Load and run python and use packages

At both UPPMAX and HPC2N we call the applications available via the module system modules.

Objectives

  • Show how to load Python

  • Show how to run Python scripts and start the Python command line

Warning

  • Note that the module systems at UPPMAX and HPC2N are slightly different.

  • While all modules at UPPMAX not directly related to bio-informatics are shown by ml avail, modules at HPC2N are hidden until one has loaded a prerequisite like the compiler GCC.

  • For reproducibility reasons, you should always load a specific version of a module instead of just the default version

  • Many modules have prerequisite modules which needs to be loaded first (at HPC2N this is also the case for the Python modules). When doing module spider <module>/<version> you will get a list of which other modules needs to be loaded first

Check for Python versions

Tip

Type along!

Check all available Python versions with:

$ module avail python

Load a Python module

For reproducibility, we recommend ALWAYS loading a specific module instad of using the default version!

For this course, we recommend using Python 3.11.x (except for some GPU examples that will use 3.9.5).

Tip

Type along!

Go back and check which Python modules were available. To load version 3.11.8, do:

$ module load python/3.11.8

Note: Lowercase p. For short, you can also use:

$ ml python/3.11.8

Warning

  • UPPMAX: Don’t use system-installed python (2.7.5)

  • UPPMAX: Don’t use system installed python3 (3.6.8)

  • HPC2N: Don’t use system-installed python (2.7.18)

  • HPC2N: Don’t use system-installed python3 (3.8.10)

  • ALWAYS use python module

Why are there both Python/2.X.Y and Python/3.Z.W modules?

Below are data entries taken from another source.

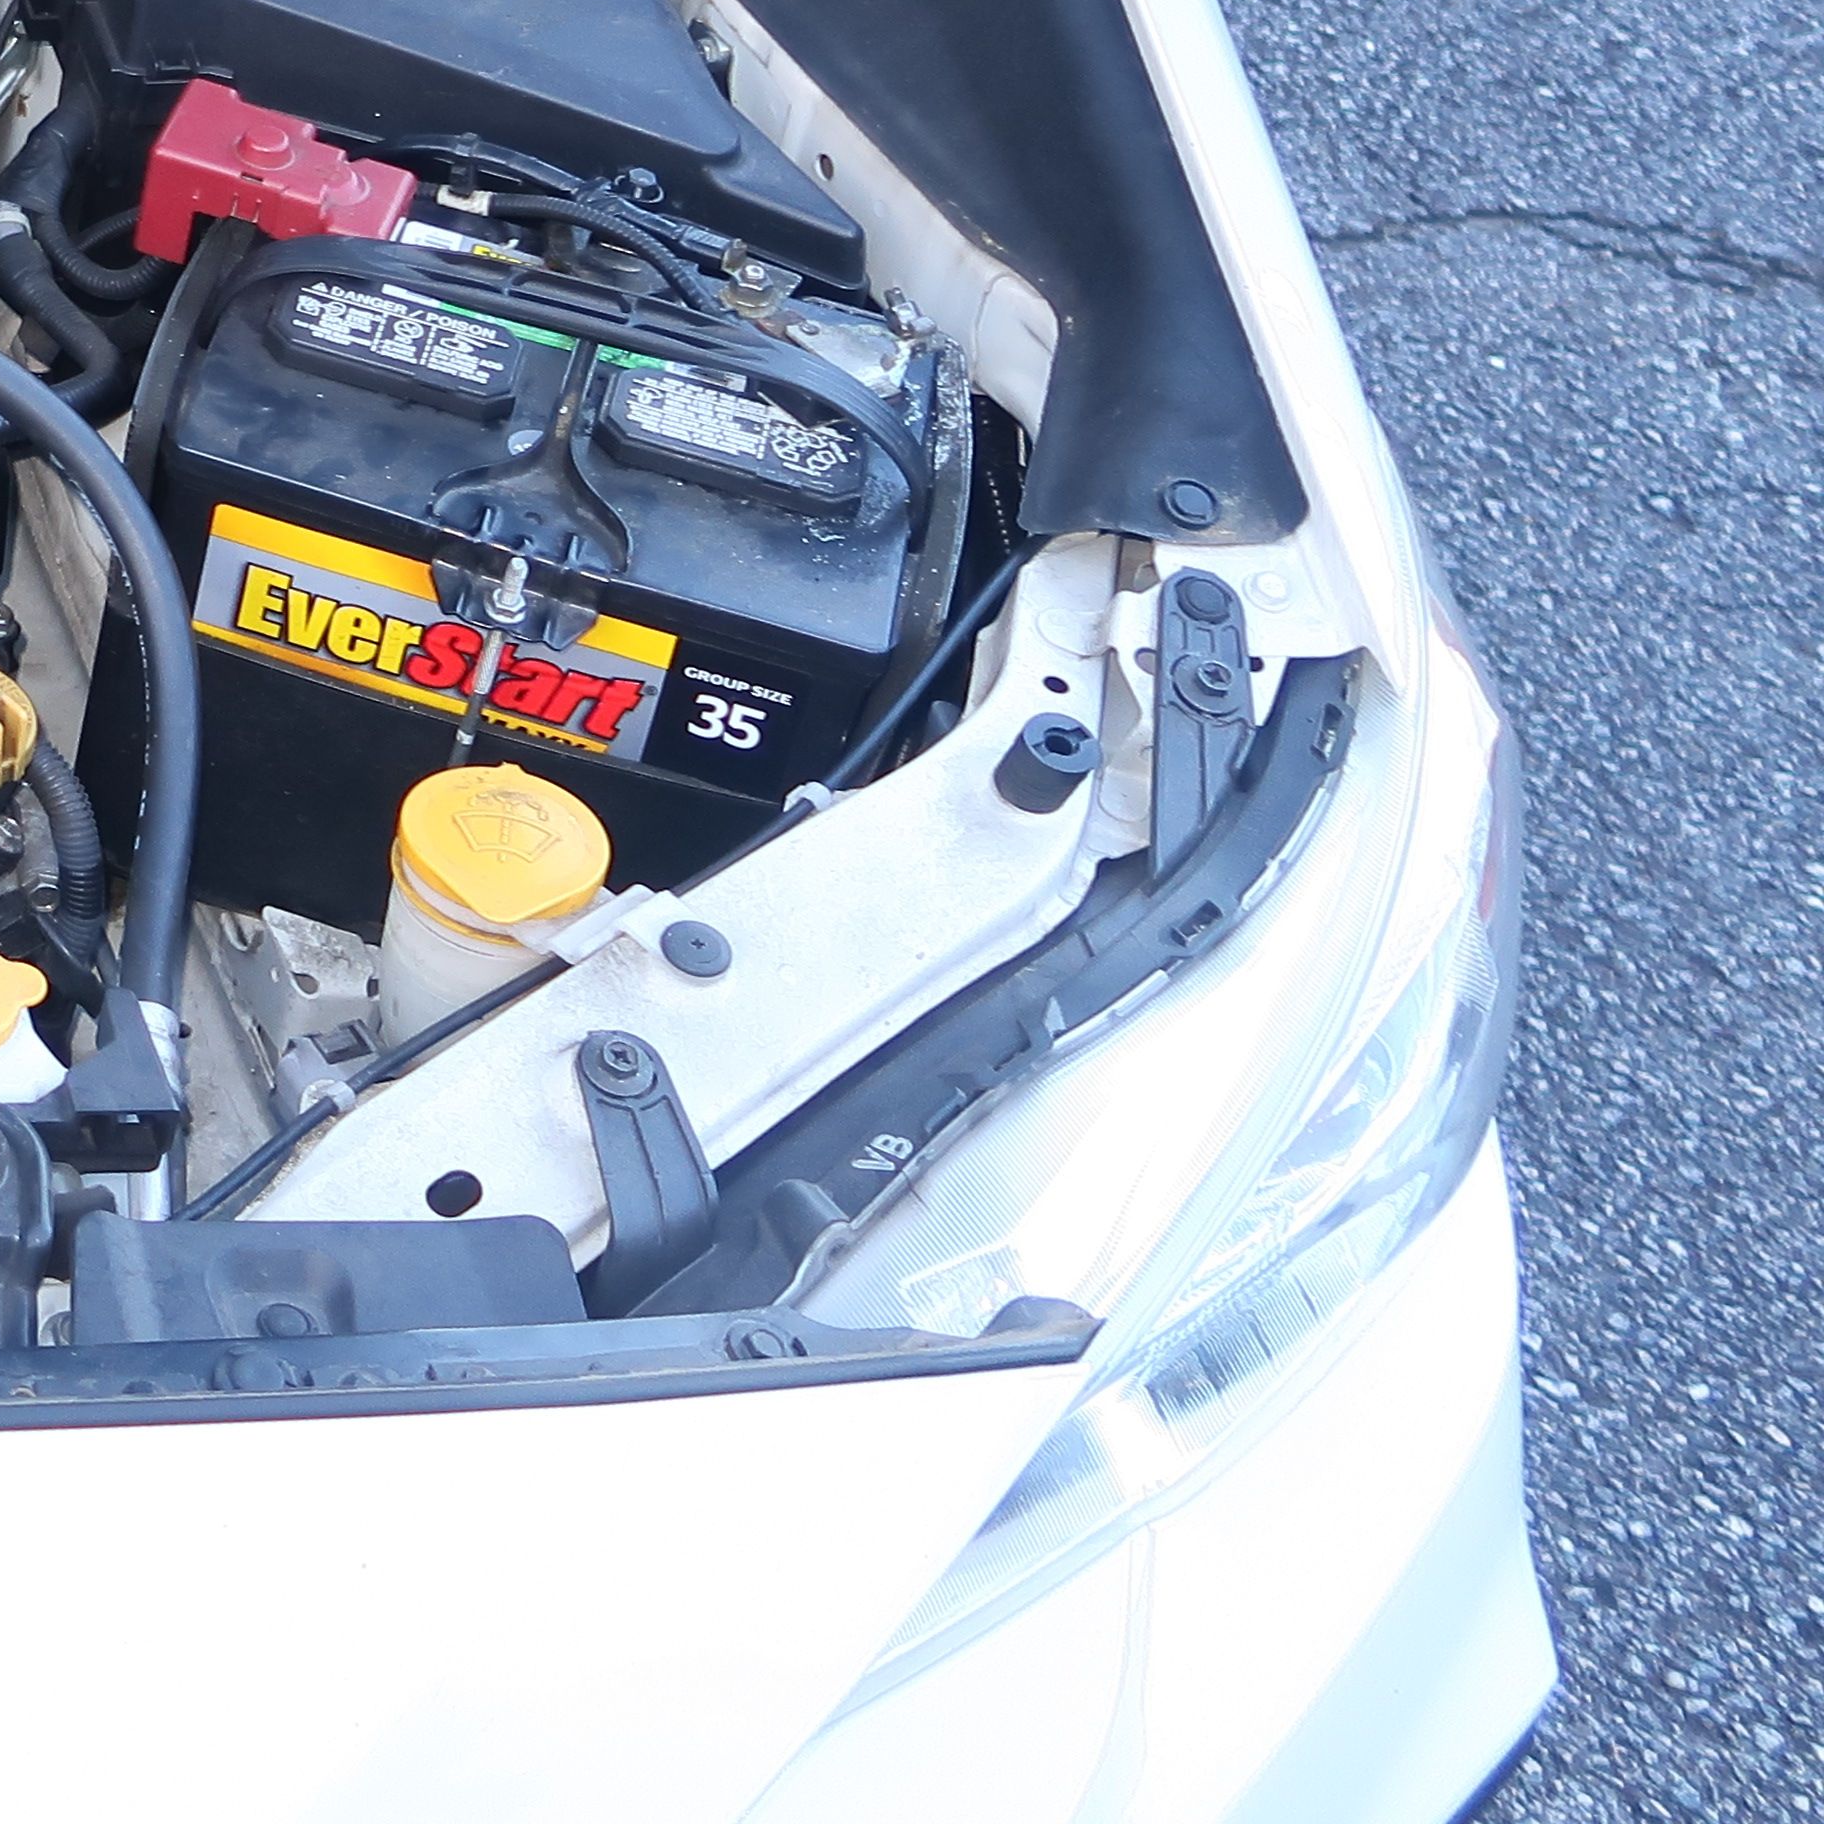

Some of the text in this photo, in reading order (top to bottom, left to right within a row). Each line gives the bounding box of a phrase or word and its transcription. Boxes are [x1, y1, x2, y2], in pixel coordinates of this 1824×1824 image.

[330, 286, 409, 316] DANGER
[425, 311, 499, 341] POISON
[683, 666, 794, 707] GROUP SIZE
[687, 693, 768, 750] 35
[850, 1133, 915, 1172] VB

Some existing software might use Python2 and some will use Python3. Some of the Python packages have both Python2 and Python3 versions. Check what your software as well as the installed modules need when you pick!

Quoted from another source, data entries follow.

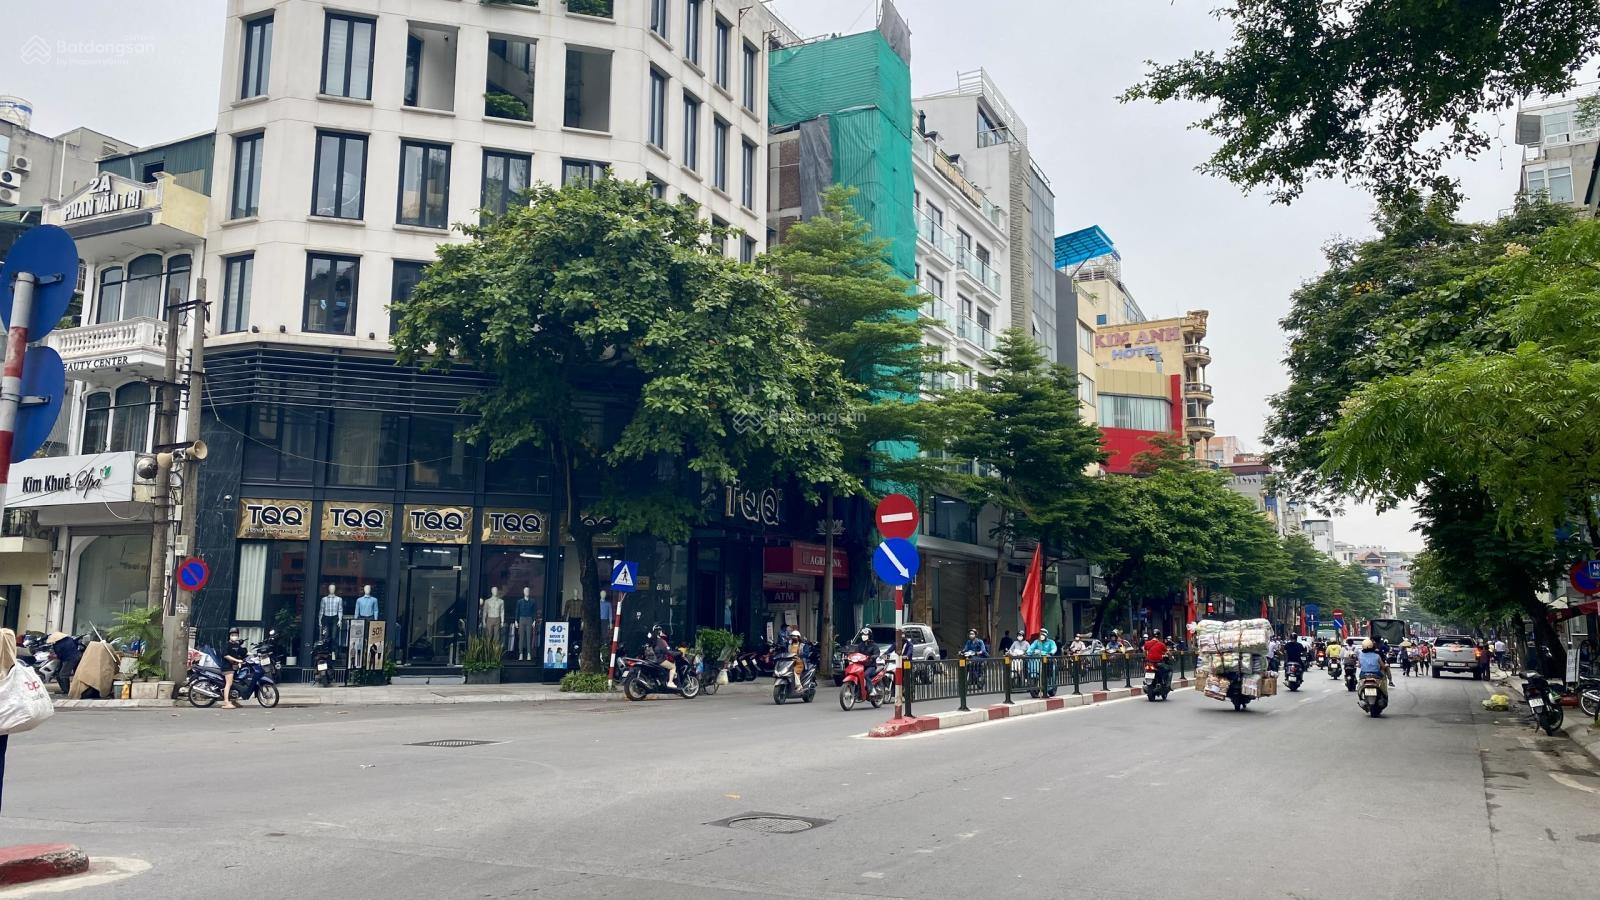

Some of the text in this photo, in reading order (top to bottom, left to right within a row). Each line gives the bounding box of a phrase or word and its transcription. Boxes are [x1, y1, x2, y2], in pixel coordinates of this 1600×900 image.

[89, 175, 111, 194] 2A
[63, 189, 142, 221] PHAN VĂN TRỊ
[1094, 327, 1180, 347] KIM ANH
[1112, 345, 1160, 360] HOTEL
[63, 355, 129, 372] EAUTY CENTER
[22, 466, 102, 499] Kim Khuê Spa
[809, 554, 842, 568] AGRINK
[774, 592, 794, 601] ATM

UPPMAX: Why are there both python/3.X.Y and python3/3.X.Y modules?

Sometimes existing software might use python2 and there’s nothing you can do about that. In pipelines and other toolchains the different tools may together require both python2 and python3. Here’s how you handle that situation:

  • You can run two python modules at the same time if ONE of the module is python/2.X.Y and the other module is python3/3.X.Y (not python/3.X.Y).

Run

Run Python script

Hint

  • There are many ways to edit your scripts.

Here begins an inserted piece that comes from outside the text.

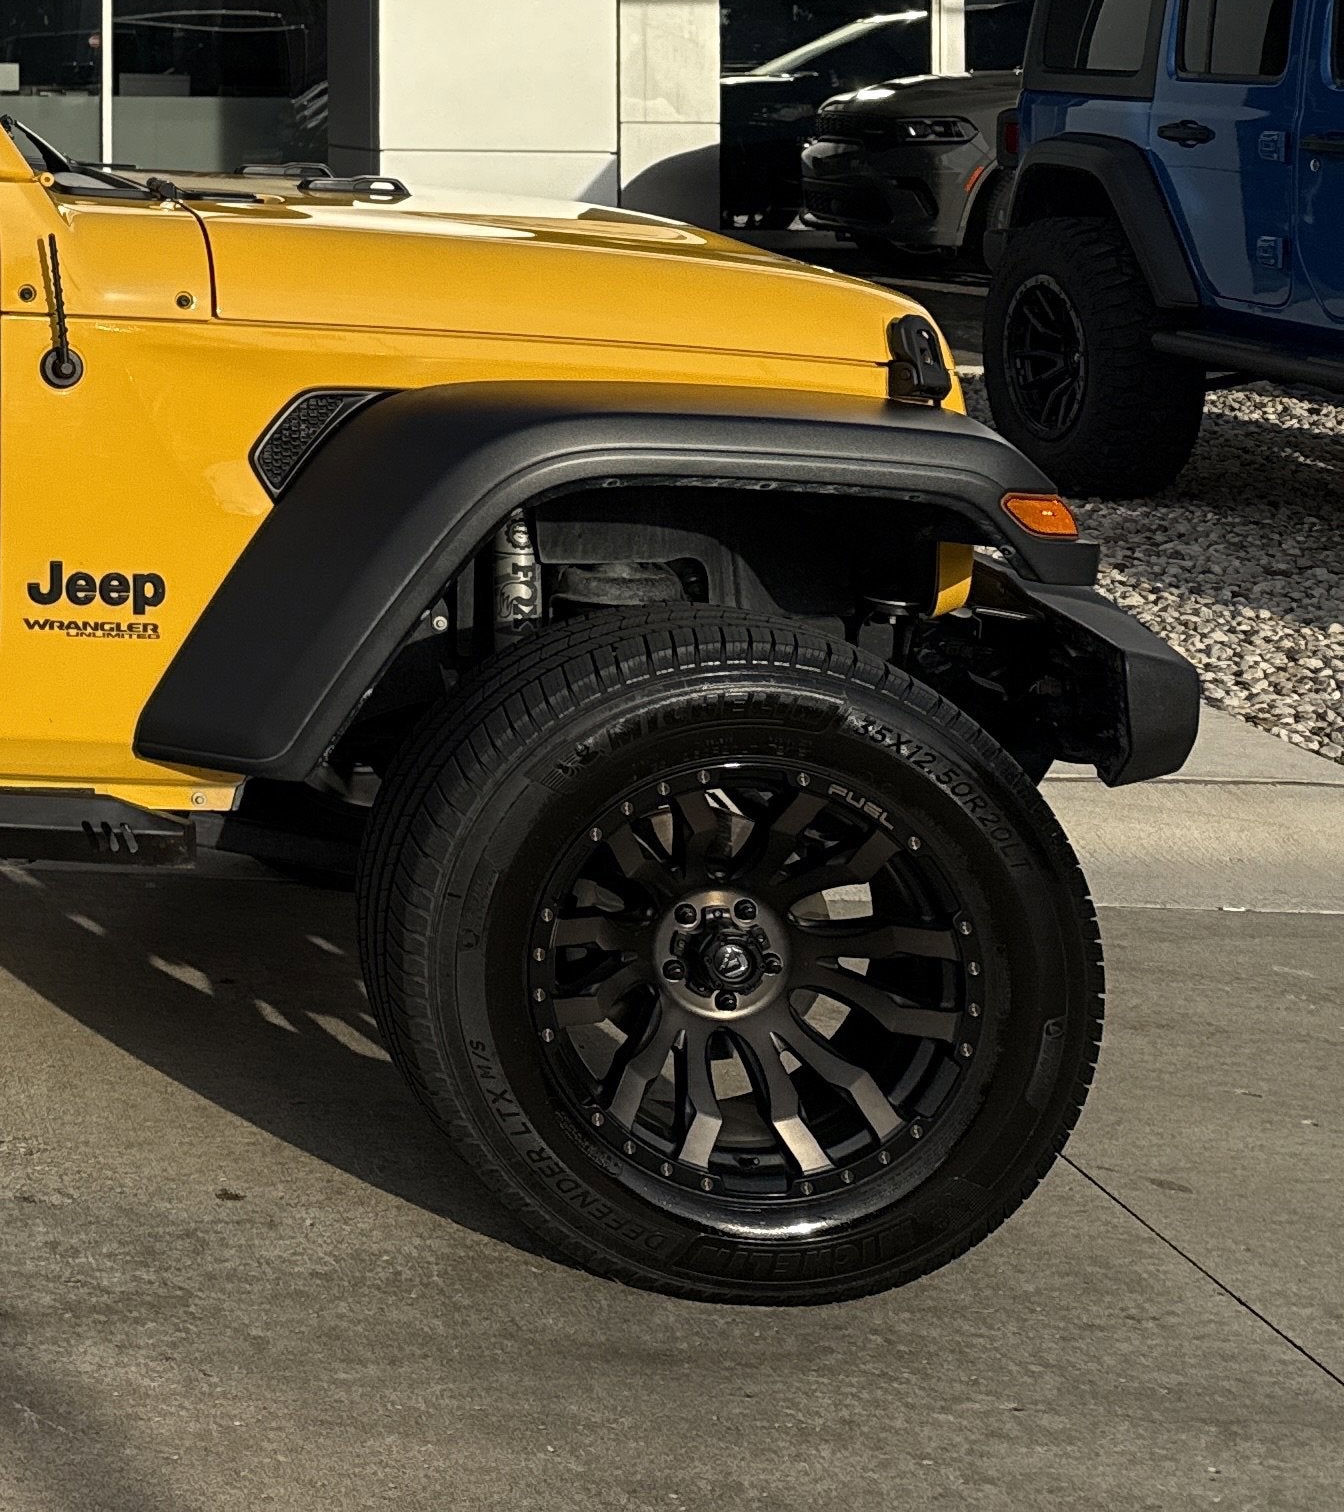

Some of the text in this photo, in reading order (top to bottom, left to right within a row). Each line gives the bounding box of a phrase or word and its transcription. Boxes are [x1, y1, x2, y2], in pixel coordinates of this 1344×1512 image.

  • If you are rather new.

    • Graphical: $ gedit <script> &

      • (& is for letting you use the terminal while editor window is open)

      • Requires ThinLinc or ssh -Y ... or ssh -X

    • Terminal: $ nano <script>

  • Otherwise you would know what to do!

  • ⚠️ The teachers may use their common editor, like vi/vim
    • If you get stuck, press: <esc> and then :q !

Type-Along

  • Let’s make a script with the name example.py

$ nano example.py
  • Insert the following text

# This program prints Hello, world!
print('Hello, world!')
  • Save and exit. In nano: <ctrl>+O, <ctrl>+X

You can run a python script in the shell like this:

$ python example.py
# or
$ python3 example.py

Warning

  • ONLY run jobs that are short and/or do not use a lot of resources from the command line.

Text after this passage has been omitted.